You may well have seen recent news reports about a crane collapsing on an apartment block in Liverpool city centre- well unfortunately that was my building!

 

At this point we don't know which flats are affected (looks as though mine was just missed but it could be flooded or collapsed etc we just don't know).

 

I know for sure that we can't get back in the building for at least a week (at the very very minimum) because the stairs and lifts have totally collapsed so we don't know if anythings damaged.

 

My predicament is that I was left with the clothes I was standing in and no realistic timescale to go and get my possessions back. At the 'crisis centre' a hotel was provided (we have subsequently been given a self-service apartment for 7 days also) and were told that if we needed anything (toiletrees, clothes, food etc) we should just go out an get what we need and keep receipts to claim back the money. I do not have any written confirmation of this however, although I contacted the building contractors main office and they told me that I was able to purchase things that we needed to get me to today and then we will be updated.

 

At this point we have not been given any updates about if we can go out and buy things within reason.
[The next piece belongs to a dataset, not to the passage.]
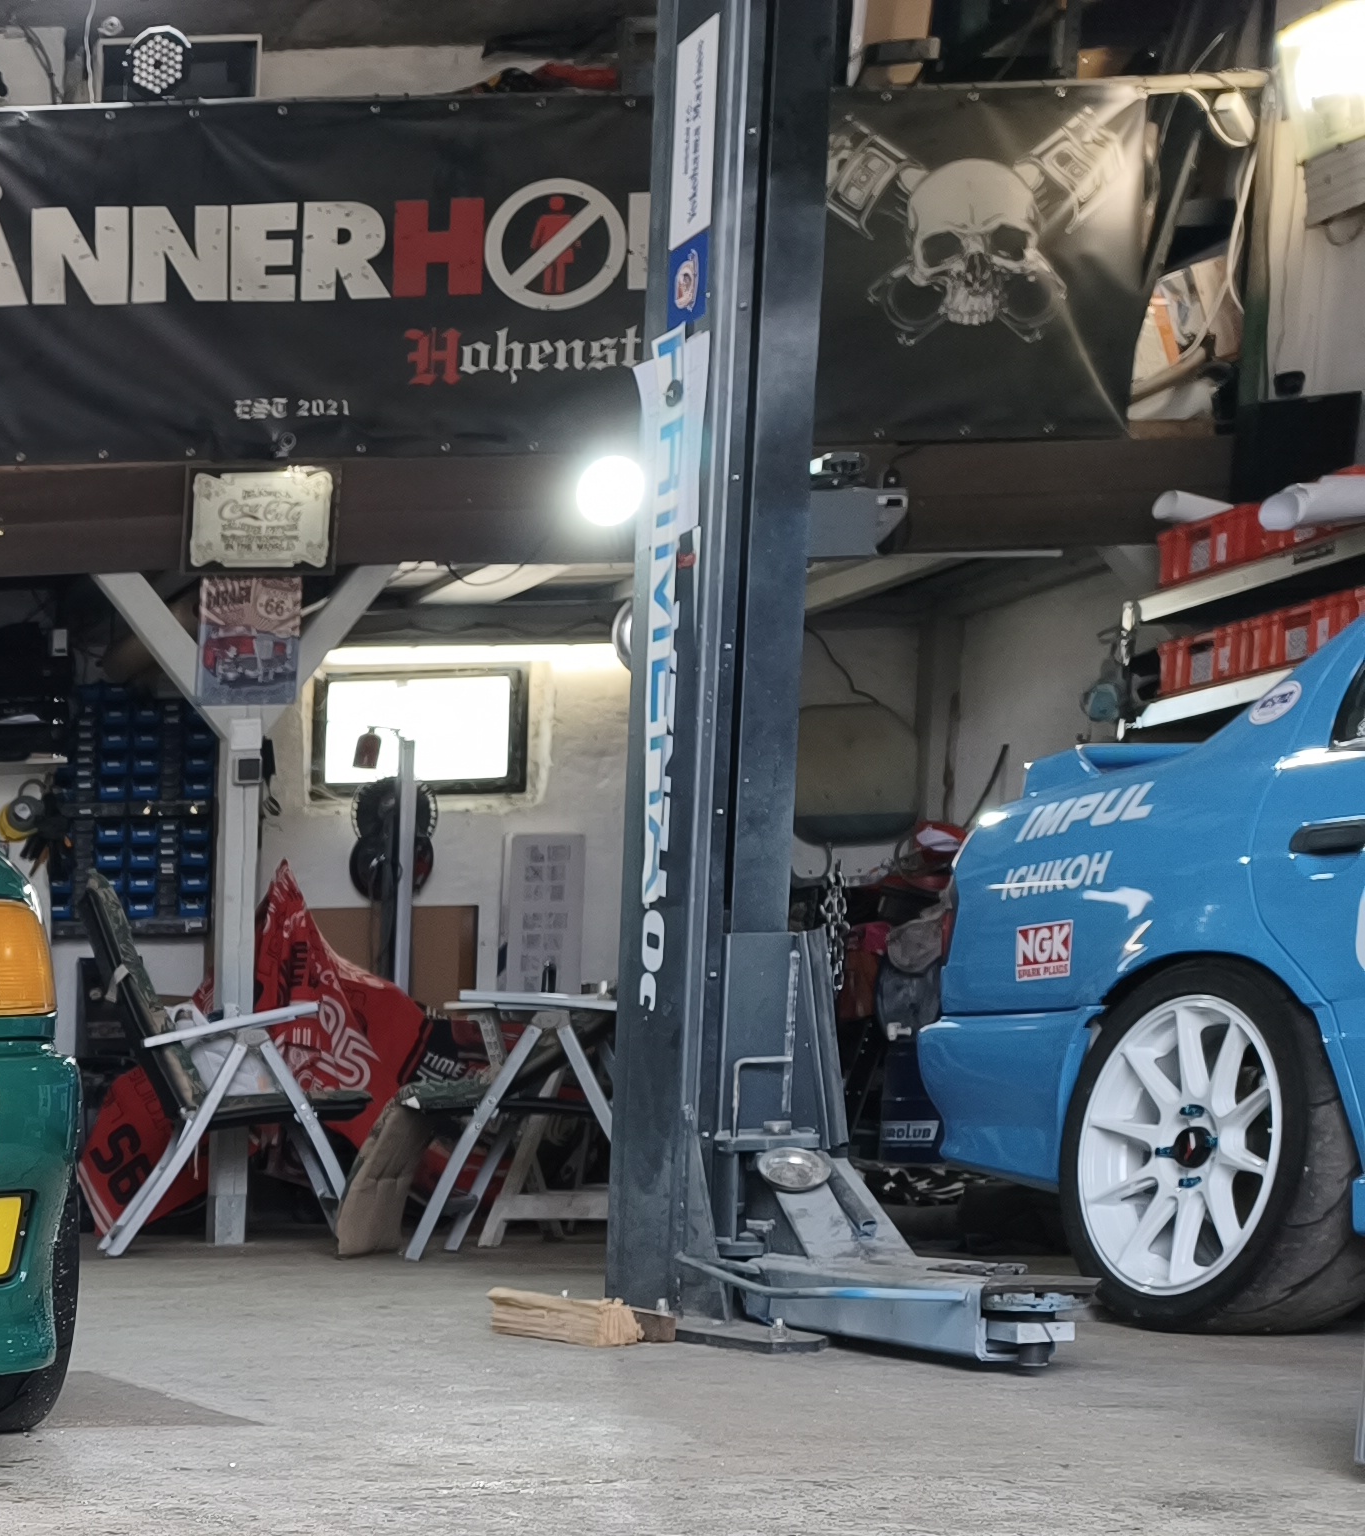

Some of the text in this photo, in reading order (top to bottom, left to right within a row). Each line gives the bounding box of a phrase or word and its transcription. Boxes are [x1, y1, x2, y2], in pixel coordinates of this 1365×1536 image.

I need business attire for work so need shirts and ties etc. If I don't get access to my flat anytime soon I'll need a fair amount of clothing and other items (trainers, jeans, t-shirts- the whole lot to keep me going).

 

I was just wondering whether anybody has any idea of what my rights are in terms of getting compensation and if indeed I am able to claim for food and clothing.

 

At this point I should mention that I do not have home contents insurance (probably quite silly with hindsight!).

 

The building company has basically accepted that it's all their fault- but if I don't have insurance I am still entitled to claim against them? Perhaps this is a civil matter of somesort which I could eventually sue under (if worst comes to worse)??? I'm not too sure!

 

Any advice would be gratefully received!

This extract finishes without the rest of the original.